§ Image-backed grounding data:
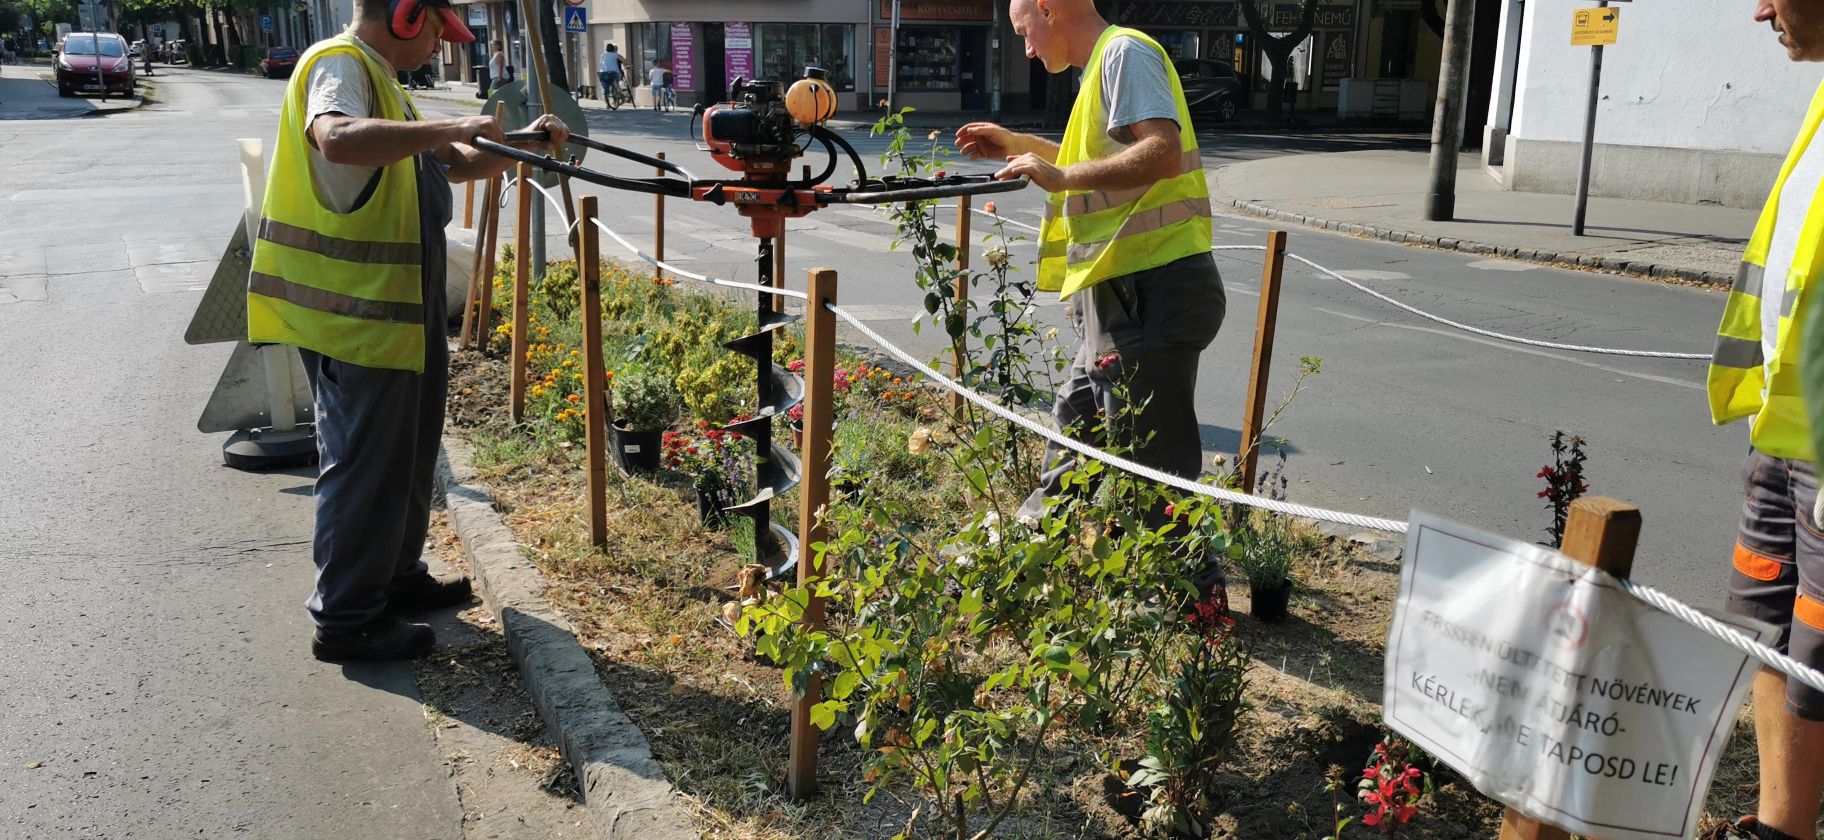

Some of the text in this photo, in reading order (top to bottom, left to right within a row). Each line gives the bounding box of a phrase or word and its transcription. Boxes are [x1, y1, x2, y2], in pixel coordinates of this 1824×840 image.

[1419, 610, 1493, 653] FRSSEN
[1591, 678, 1701, 714] NÖVÉNYEK
[1540, 734, 1636, 779] TAPOSD
[1642, 761, 1679, 787] LE!
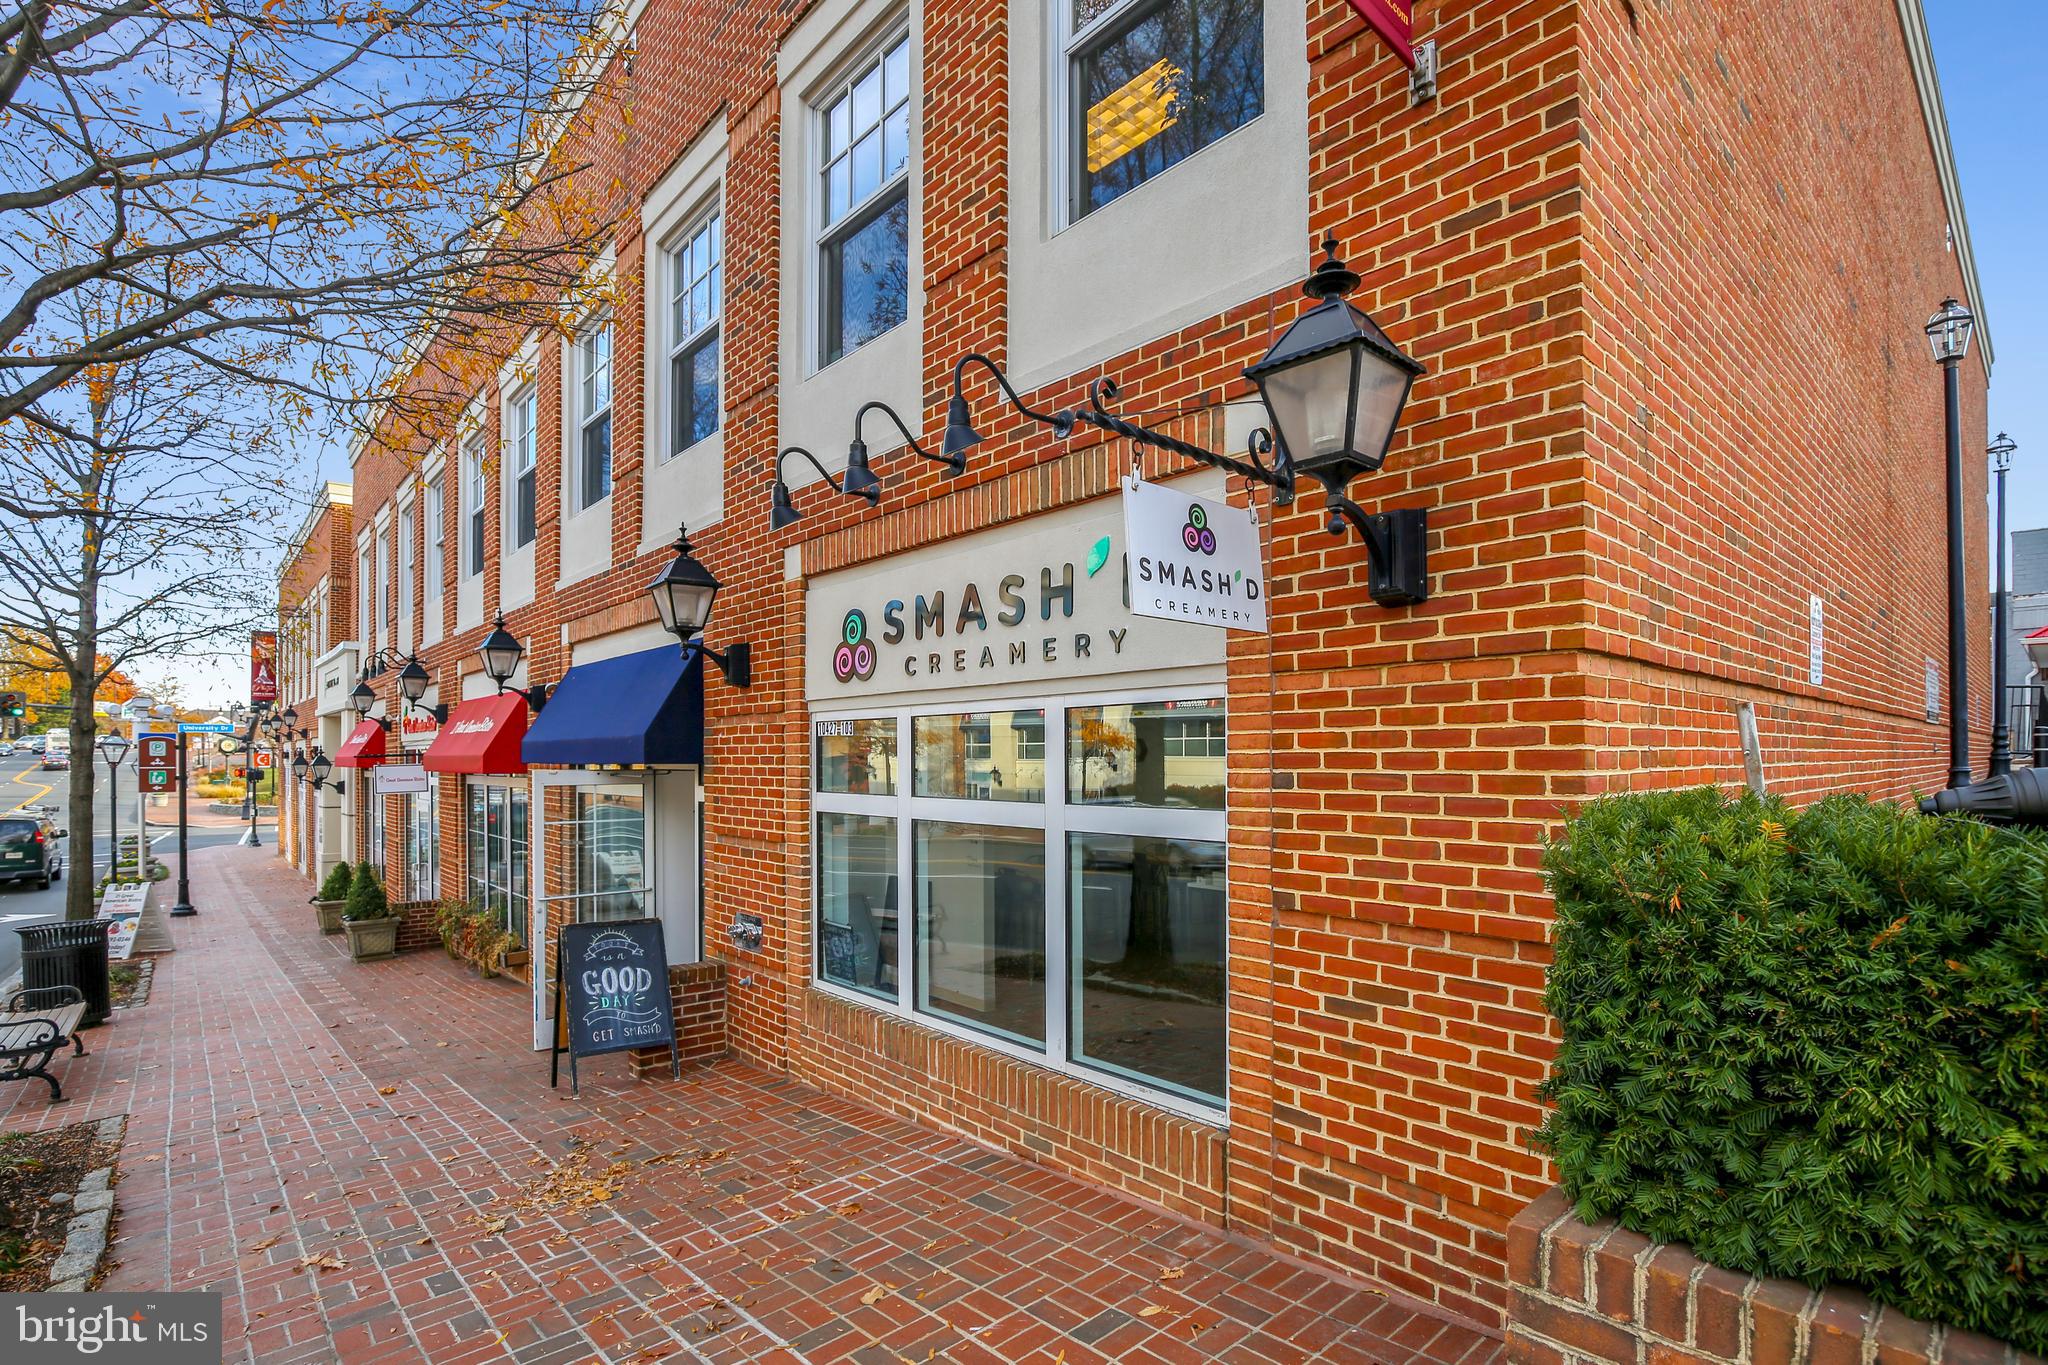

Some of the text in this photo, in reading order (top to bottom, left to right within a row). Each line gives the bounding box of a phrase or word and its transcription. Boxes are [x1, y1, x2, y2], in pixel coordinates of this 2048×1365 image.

[883, 535, 1131, 645] SMASH'
[1139, 557, 1259, 600] SMASH'D
[1155, 598, 1251, 622] CREAMERY
[904, 628, 1127, 676] CREAMERY
[581, 966, 652, 995] GOOD
[601, 994, 630, 1008] DAY
[592, 1028, 614, 1042] GET
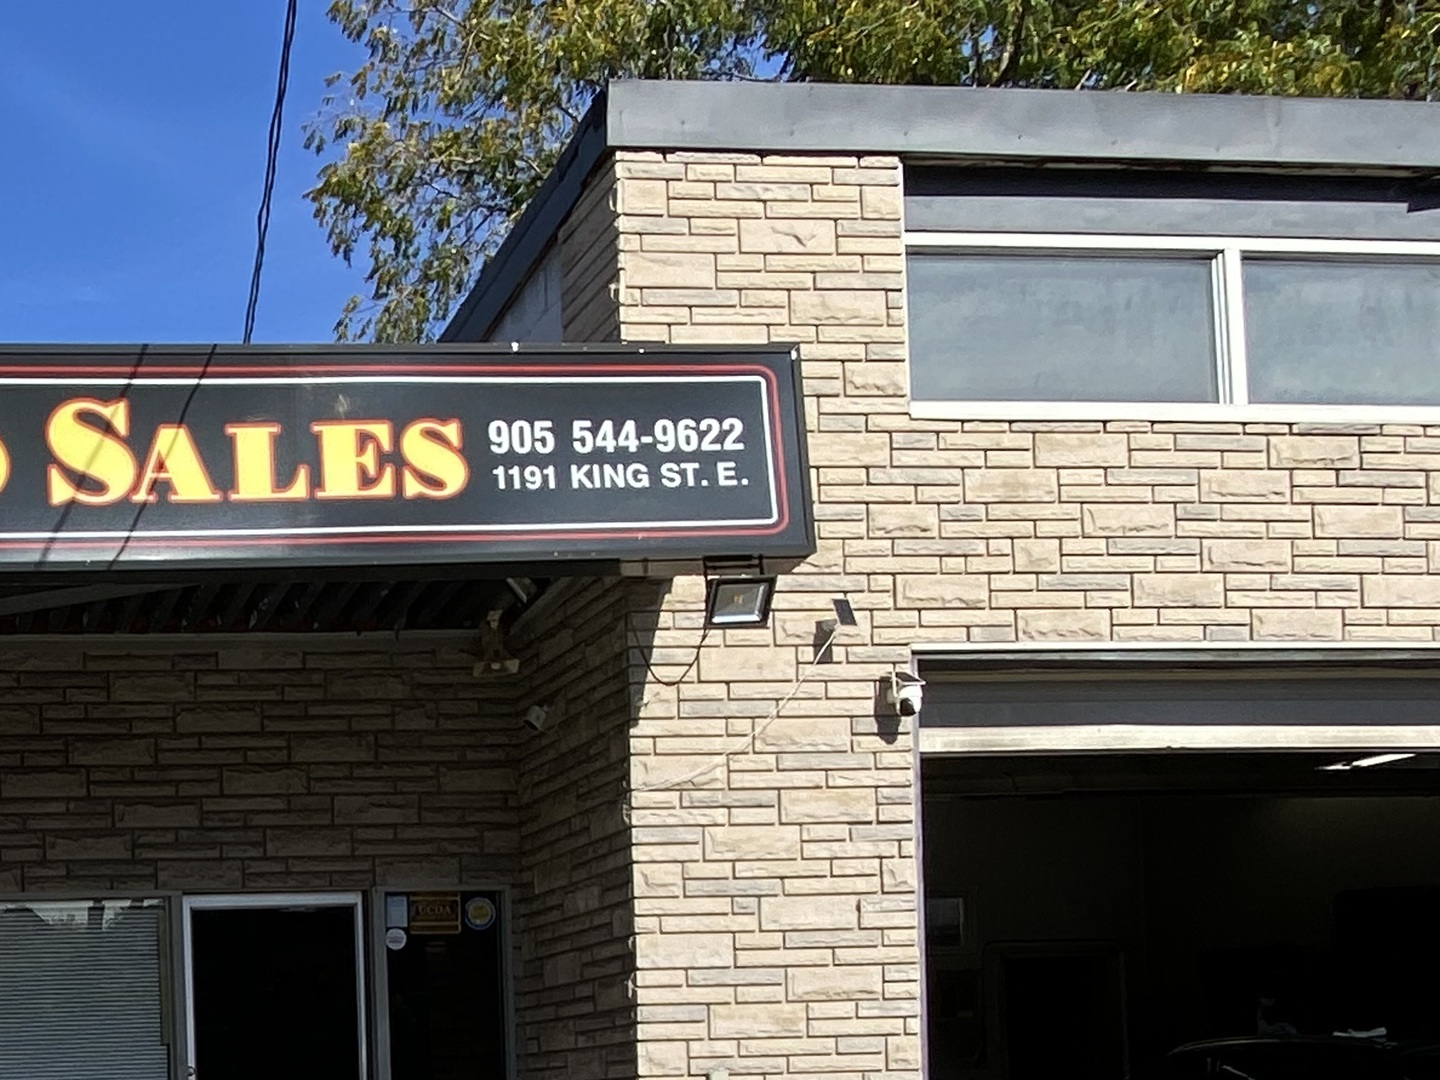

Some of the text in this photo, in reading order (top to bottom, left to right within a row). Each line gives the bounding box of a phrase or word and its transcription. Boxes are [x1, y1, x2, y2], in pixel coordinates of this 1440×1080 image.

§ About this task: With the pictures left out, copy exactly the lines from the line holding "this 2048×1365 image." through the final line of the records, including both.

§ Worked solution:
Some of the text in this photo, in reading order (top to bottom, left to right within a row). Each line gives the bounding box of a phrase or word and its transcription. Boxes are [x1, y1, x2, y2], in pixel coordinates of this 2048×1365 image.

[883, 535, 1131, 645] SMASH'
[1139, 557, 1259, 600] SMASH'D
[1155, 598, 1251, 622] CREAMERY
[904, 628, 1127, 676] CREAMERY
[581, 966, 652, 995] GOOD
[601, 994, 630, 1008] DAY
[592, 1028, 614, 1042] GET

Some of the text in this photo, in reading order (top to bottom, left to right within a row). Each line gives the bounding box of a phrase or word and its transcription. Boxes are [x1, y1, x2, y2], in pixel coordinates of this 1440×1080 image.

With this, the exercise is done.